L’exécutif français a officialisé son engagement en faveur d’une « loi intégrale » contre les violences sexistes et sexuelles, dans le sillage du choc provoqué par la mort de la jeune Lyhanna. Ce texte, porté par des parlementaires de différents bords et soutenu par les principales associations féministes, ambitionne de bâtir un cadre global pour protéger les femmes et les enfants, en articulant prévention, éducation, santé, justice et prise en charge des victimes.

L’affaire Lyhanna – du nom de l’adolescente retrouvée sans vie après avoir été victime de violences – a mis en lumière une série de dysfonctionnements dans le suivi des signalements et la coordination entre les acteurs institutionnels.

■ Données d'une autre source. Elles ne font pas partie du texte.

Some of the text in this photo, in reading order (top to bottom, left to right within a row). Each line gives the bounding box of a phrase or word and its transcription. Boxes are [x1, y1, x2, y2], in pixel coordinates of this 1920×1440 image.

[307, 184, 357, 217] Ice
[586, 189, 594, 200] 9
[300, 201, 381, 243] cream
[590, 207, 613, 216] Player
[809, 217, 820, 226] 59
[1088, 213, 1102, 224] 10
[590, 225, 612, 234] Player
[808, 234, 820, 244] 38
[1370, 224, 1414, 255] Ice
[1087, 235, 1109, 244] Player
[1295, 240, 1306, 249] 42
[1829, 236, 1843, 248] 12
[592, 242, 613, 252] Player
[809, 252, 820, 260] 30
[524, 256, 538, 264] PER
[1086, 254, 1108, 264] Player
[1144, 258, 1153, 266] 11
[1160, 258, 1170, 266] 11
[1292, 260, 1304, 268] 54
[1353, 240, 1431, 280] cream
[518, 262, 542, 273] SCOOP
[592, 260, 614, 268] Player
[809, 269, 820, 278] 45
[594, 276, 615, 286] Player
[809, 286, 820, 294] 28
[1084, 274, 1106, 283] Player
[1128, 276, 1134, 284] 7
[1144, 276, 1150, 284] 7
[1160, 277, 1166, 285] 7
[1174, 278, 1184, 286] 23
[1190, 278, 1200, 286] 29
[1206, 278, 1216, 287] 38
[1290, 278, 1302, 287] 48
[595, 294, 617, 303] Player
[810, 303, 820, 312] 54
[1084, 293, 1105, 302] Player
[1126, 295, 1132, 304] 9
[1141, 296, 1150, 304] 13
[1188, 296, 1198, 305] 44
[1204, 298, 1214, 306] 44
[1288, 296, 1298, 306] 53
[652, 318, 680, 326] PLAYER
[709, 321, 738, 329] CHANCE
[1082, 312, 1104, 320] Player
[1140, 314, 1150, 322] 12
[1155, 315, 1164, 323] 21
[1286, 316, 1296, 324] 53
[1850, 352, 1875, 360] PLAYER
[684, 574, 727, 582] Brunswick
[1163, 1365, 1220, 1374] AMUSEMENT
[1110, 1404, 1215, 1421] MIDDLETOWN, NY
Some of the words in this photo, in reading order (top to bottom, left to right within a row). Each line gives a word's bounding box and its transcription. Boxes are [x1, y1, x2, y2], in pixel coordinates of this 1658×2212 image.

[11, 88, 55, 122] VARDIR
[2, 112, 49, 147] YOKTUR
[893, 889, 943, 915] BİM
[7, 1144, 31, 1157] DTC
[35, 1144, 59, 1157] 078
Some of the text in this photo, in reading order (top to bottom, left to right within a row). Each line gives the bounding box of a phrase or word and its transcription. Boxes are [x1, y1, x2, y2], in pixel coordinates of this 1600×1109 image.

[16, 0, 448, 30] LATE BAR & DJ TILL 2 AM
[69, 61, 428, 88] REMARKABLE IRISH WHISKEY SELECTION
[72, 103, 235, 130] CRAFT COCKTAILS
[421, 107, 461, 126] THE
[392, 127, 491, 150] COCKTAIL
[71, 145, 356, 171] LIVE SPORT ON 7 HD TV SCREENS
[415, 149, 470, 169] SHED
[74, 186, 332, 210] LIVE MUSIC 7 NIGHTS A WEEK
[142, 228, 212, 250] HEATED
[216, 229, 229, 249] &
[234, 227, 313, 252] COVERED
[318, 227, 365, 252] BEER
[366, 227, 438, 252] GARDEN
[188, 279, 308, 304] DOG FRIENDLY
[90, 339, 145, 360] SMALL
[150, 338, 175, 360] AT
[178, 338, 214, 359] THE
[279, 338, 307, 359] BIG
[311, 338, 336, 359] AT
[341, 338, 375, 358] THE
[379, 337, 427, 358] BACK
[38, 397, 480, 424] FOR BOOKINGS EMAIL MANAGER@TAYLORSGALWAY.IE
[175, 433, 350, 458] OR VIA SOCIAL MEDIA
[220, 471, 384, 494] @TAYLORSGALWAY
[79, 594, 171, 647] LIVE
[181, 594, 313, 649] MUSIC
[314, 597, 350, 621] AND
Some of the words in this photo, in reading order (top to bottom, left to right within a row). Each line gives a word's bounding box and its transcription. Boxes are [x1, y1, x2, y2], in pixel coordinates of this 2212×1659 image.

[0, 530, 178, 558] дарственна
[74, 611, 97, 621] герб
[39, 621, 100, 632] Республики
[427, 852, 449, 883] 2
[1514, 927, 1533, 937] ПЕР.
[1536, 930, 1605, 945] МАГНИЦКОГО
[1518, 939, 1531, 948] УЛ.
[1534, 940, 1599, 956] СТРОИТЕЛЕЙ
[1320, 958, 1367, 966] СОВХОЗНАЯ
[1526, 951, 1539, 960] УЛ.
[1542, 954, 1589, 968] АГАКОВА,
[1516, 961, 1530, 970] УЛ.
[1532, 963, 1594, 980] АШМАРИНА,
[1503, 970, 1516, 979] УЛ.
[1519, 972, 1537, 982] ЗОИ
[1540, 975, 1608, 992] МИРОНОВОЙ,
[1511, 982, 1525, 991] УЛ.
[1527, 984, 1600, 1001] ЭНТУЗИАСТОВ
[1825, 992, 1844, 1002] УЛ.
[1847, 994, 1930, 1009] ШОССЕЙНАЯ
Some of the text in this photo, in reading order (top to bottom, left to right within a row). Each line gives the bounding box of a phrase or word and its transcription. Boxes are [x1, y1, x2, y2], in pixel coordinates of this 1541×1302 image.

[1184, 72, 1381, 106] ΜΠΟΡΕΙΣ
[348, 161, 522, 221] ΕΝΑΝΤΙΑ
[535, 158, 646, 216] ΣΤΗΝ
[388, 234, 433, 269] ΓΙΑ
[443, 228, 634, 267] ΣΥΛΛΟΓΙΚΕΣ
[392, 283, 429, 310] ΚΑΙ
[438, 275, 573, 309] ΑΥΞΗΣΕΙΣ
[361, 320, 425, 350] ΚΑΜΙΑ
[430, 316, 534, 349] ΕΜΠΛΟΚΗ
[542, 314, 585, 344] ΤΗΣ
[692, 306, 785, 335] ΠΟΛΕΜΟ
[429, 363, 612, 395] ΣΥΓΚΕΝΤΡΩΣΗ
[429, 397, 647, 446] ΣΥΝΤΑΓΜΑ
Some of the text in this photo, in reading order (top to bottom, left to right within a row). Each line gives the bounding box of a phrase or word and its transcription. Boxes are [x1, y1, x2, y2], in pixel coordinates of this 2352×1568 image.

Face à l’émotion publique, le gouvernement a cherché à identifier les défaillances, tandis que les parlementaires à l’origine de la proposition de loi transpartisane pressent pour une adoption rapide.

Des mesures pour « ne plus rien laisser passer »

Le texte, dont les contours ont été précisés par plusieurs porte-parole du camp présidentiel, prévoit notamment le renforcement de l’éducation à la sexualité et au consentement dès l’école, la création de pôles spécialisés au sein des tribunaux correctionnels, l’obligation de formation continue pour les professionnels en contact avec des mineurs, et la mise en place d’un numéro unique d’urgence pour les victimes. Il inclut aussi des avancées sur la prescription des viols sur mineurs et sur la protection des témoins.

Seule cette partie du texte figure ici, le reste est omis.